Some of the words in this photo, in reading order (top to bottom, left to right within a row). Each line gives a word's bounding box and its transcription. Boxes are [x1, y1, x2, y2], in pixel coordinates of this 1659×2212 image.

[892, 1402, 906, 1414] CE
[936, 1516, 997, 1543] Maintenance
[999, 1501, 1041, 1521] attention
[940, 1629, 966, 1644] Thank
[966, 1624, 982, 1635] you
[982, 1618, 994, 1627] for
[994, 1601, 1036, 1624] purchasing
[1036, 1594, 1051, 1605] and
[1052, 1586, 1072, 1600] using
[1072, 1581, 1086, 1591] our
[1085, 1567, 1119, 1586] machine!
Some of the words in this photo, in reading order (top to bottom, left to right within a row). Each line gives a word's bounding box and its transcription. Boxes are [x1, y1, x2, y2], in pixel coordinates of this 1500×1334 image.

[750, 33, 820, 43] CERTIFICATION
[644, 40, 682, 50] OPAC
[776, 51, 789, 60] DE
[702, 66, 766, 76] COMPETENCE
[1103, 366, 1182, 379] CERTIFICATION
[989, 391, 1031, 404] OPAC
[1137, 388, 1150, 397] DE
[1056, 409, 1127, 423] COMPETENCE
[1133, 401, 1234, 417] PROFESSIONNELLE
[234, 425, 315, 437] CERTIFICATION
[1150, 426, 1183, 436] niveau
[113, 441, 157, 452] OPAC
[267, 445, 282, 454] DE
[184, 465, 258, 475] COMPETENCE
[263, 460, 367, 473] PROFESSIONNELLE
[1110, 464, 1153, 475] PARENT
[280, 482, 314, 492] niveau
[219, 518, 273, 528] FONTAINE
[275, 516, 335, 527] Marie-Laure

== == ==

◆ **BRIEF**: Nothing is to be left out; reproduce each record exactly.

◆ **EXERCISE OUTPUT**:
Some of the words in this photo, in reading order (top to bottom, left to right within a row). Each line gives a word's bounding box and its transcription. Boxes are [x1, y1, x2, y2], in pixel coordinates of this 1659×2212 image.

[892, 1402, 906, 1414] CE
[936, 1516, 997, 1543] Maintenance
[999, 1501, 1041, 1521] attention
[940, 1629, 966, 1644] Thank
[966, 1624, 982, 1635] you
[982, 1618, 994, 1627] for
[994, 1601, 1036, 1624] purchasing
[1036, 1594, 1051, 1605] and
[1052, 1586, 1072, 1600] using
[1072, 1581, 1086, 1591] our
[1085, 1567, 1119, 1586] machine!
Some of the words in this photo, in reading order (top to bottom, left to right within a row). Each line gives a word's bounding box and its transcription. Boxes are [x1, y1, x2, y2], in pixel coordinates of this 1500×1334 image.

[750, 33, 820, 43] CERTIFICATION
[644, 40, 682, 50] OPAC
[776, 51, 789, 60] DE
[702, 66, 766, 76] COMPETENCE
[1103, 366, 1182, 379] CERTIFICATION
[989, 391, 1031, 404] OPAC
[1137, 388, 1150, 397] DE
[1056, 409, 1127, 423] COMPETENCE
[1133, 401, 1234, 417] PROFESSIONNELLE
[234, 425, 315, 437] CERTIFICATION
[1150, 426, 1183, 436] niveau
[113, 441, 157, 452] OPAC
[267, 445, 282, 454] DE
[184, 465, 258, 475] COMPETENCE
[263, 460, 367, 473] PROFESSIONNELLE
[1110, 464, 1153, 475] PARENT
[280, 482, 314, 492] niveau
[219, 518, 273, 528] FONTAINE
[275, 516, 335, 527] Marie-Laure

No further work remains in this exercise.